Se figuraba que lo acusarían de todo, de traidor, de vendido, de cortejado por los sectores económicos de la patria; pero el tenía que cumplir su cometido:  ser él, independizarse como siempre había sido la historia de su vida, gobernar la patria de Bolívar, sino el mundo entero.  Pero arrancarse habría de ser su lema, y dar pasos libres en el viento.  Se lo había dicho una vieja sabia de pueblo en su infancia, después que él le hubiera dado unas cuantas monedas:  “Serás un hombre grande, hijo”

“¡Cuerda de patanes y estúpidos! ─irguiéndose ante el panorama, como si se contemplara en un espejo!─.  ¡Cómo si yo necesité de ellos para repetir como alcalde en mi municipio!  ¡Me ama la gente que votó por mí! ─en este punto se acaricia el mentón─.  ¡Cómo si no conociese yo esta revolución desde un principio, ayudando a su líder designado desde las primeras de cambio, ése que ahora es presidente y ahora no me deja hablar con él!  ¡Soy también historia viva del país y sé de mi suerte echada!  Ha llegado el momento de cobrar y hacer patria.”

Del tal forma sentía que no le debía nada a nadie, mucho menos a ningún partido que, por el contrario, lo que hacía era agobiarlo con normativas y mandaderas.  ¡Y a él no, hombre libre de la patria de Bolívar!  Listo como estaba para ejercer sus históricos roles, no creía ya ─eso fue en sus inicios─ en esas maricadas de la disciplina y la subordinación.  Cuento de camino eso del “partido primero y después los individualismos”.  No pide jamás un sol permiso a la luna para iluminar la vida.

Falcón acercó la silla de madera a la talanquera, disponiéndose a subir en ella para ayudarse en el salto.  Pero un moscardón molesto empezó a rondarle el pensamiento allá en su cabeza:  72%  de los votos totales obtenidos le había dejado en su última victoria electoral como gobernador del estado Lara el partido al cual hoy renunciaba, cifra que un sesudo analista podría argüir en su contra como sostenible individualidad política. 

Pero se tranquilizó recordándose que, si de pertenecer a un partido se trata, él ya tenía el suyo propio, Revolución Eficiente, en el estado Lara.  No había desazón que valiese en hora tan primordial.  Lo único que le palpitaba un poco en la sien era cómo conjurar políticamente los apoyos iniciáticos recibidos por el líder bolivariano, Presidente de la República, Hugo Chávez, cosa ésta que lo jalonaba un poco hacia una orilla cenagosa de la lealtad traicionada.  Pero ya se las arreglaría él, como buen político que era; puede que el presidente hasta le agradezca que lo desaloje del poder en el futuro, en bien de Venezuela.  Los destinos están escritos y no piden permisos para su consumación.  Había nacido para lo grande..., y eso no tenía vuelta de retorno.

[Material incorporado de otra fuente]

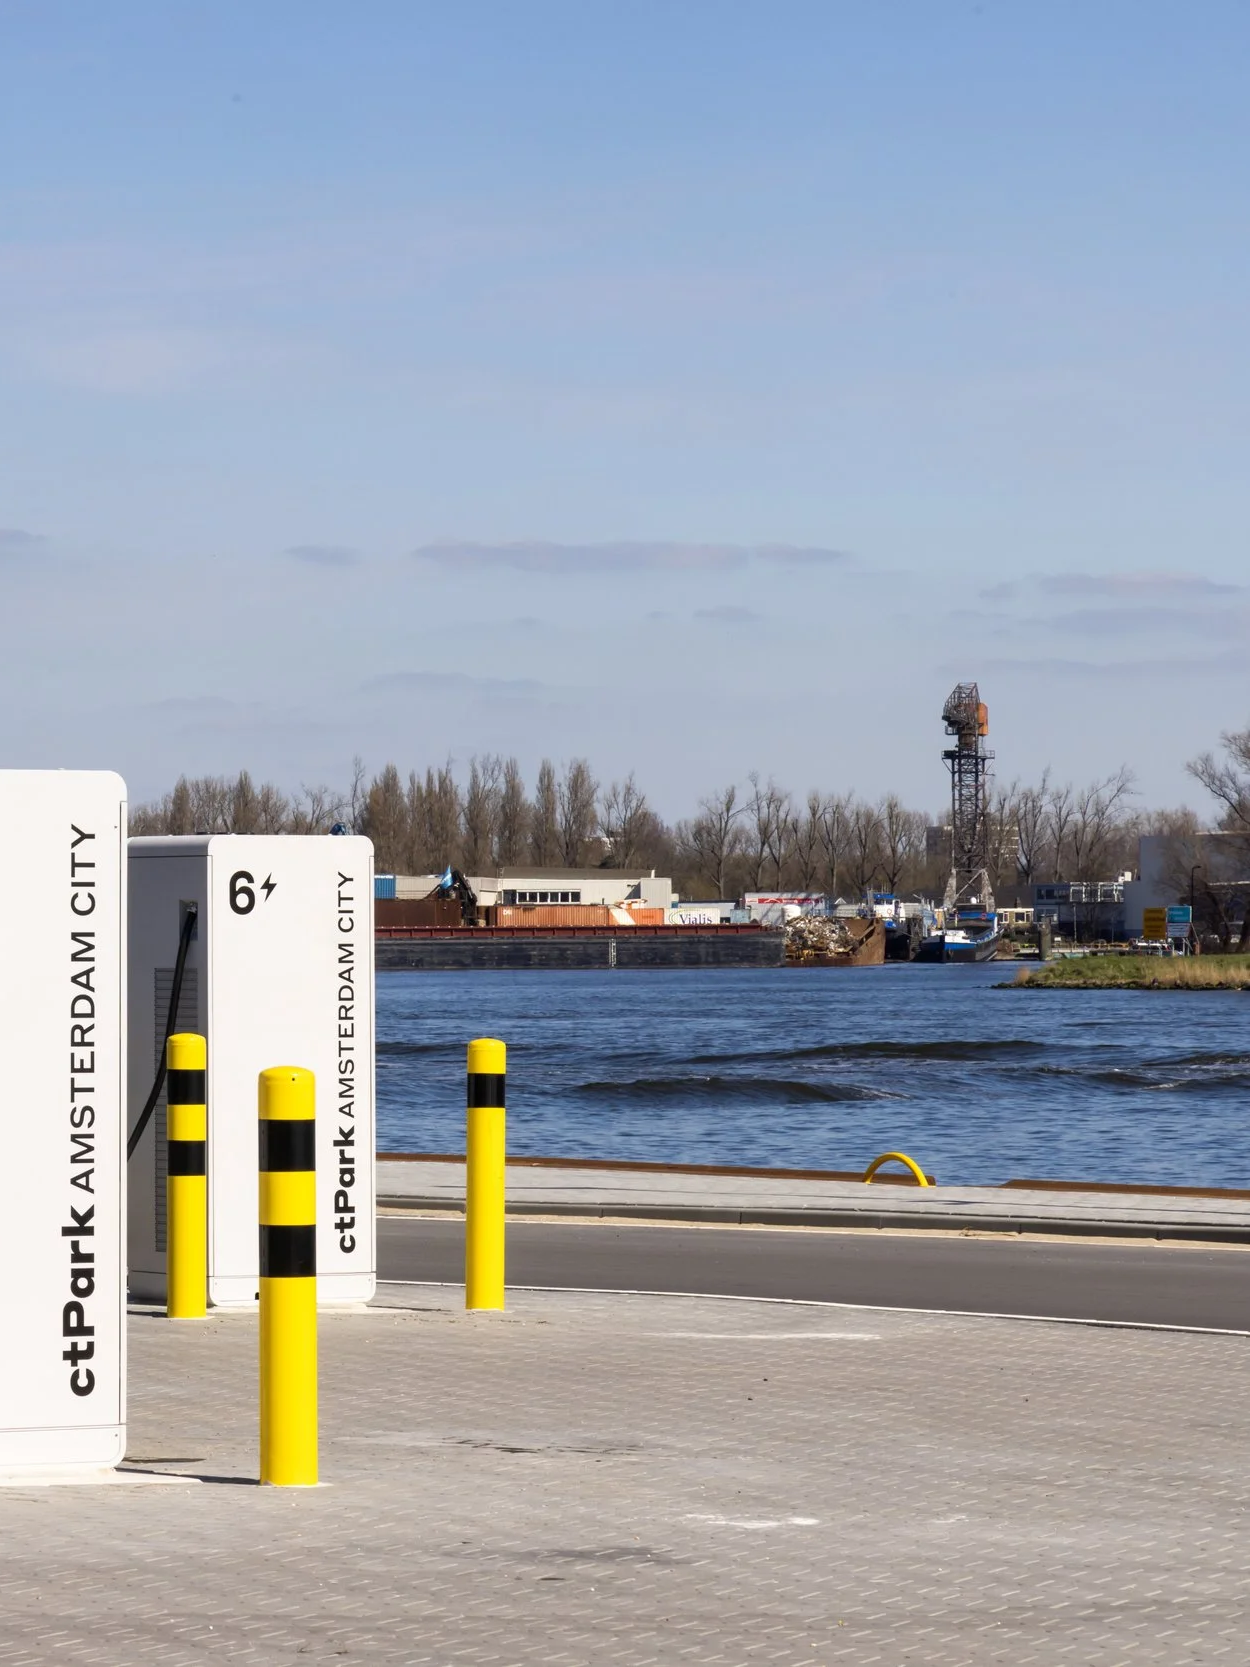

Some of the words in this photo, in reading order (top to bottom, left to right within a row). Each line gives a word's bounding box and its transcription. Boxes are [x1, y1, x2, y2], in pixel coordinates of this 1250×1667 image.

[70, 824, 96, 916] CITY
[229, 870, 256, 916] 6
[337, 871, 354, 933] CITY
[679, 913, 713, 924] Vialis
[70, 932, 96, 1195] AMSTERDAM
[337, 943, 355, 1119] AMSTERDAM
[333, 1125, 356, 1254] ctPark
[61, 1204, 96, 1397] ctPark

Montado ya sobre la talanquera, Falcón camina un rato sobre su canto, haciendo algunos malabares de puro gusto; finalmente, salta, pensando que ya parecía tarde para andar reflexionando menudencias.  Su salto (o caída) ─se dijo─ estaba echado, y fue acompañado en el trayecto por el hermoso paisaje de sus tierras juveniles larenses (parecidas a las de su Nirgua natal), los verdes pastos y las altas montañas, como en medio de un efecto de gloria.

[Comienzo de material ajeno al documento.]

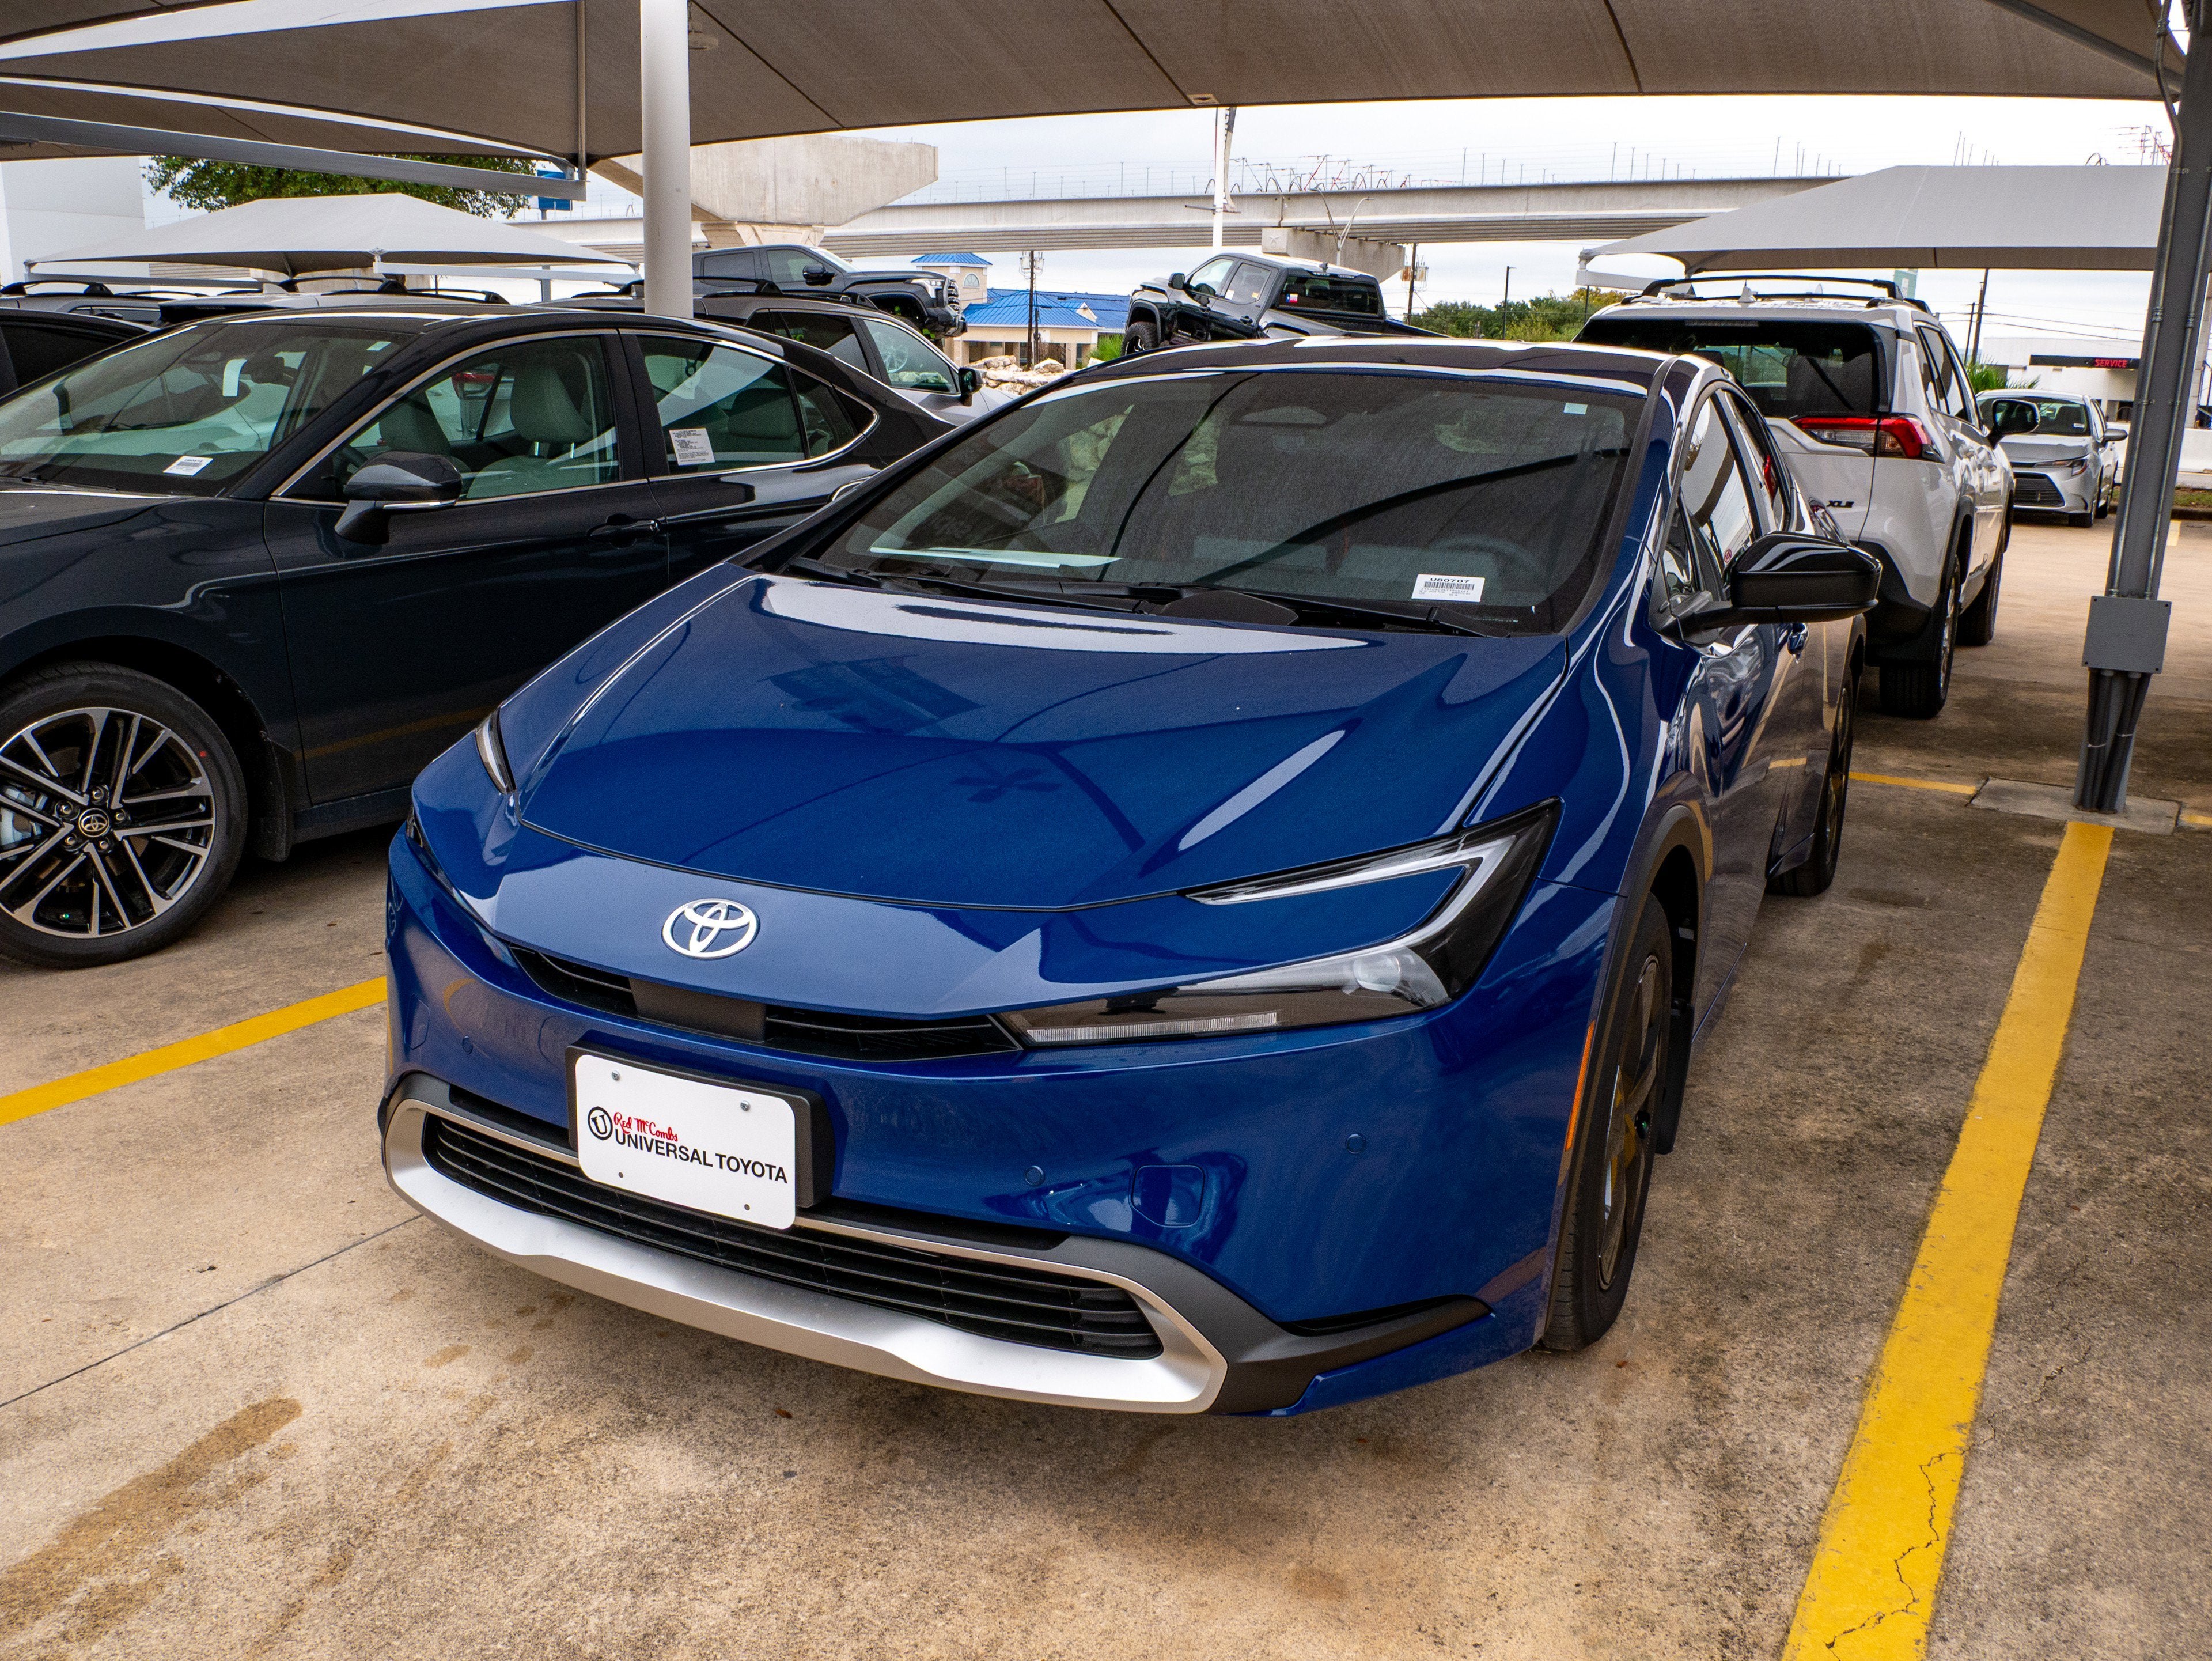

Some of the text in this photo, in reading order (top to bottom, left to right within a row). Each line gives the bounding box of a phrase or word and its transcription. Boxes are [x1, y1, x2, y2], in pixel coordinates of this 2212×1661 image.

Sólo un pensamiento más lo aquejó en la travesía, pero irremediable ya  en su consumación:  estaba seguro que le sacarían en cara que desde un principio fue un excelente alumno de un tal Miquelena (una mentada ambigüedad de la política trapacera), allá en el pasado cuando se inscribió en el partido, y eso no le gustaba mucho en su futuro expediente político de presidente de Venezuela, porque lo jalonaba otro poquín hacia esa icónica simbología de la oposición que pareció siempre ejercer dentro de los cuadros del partido.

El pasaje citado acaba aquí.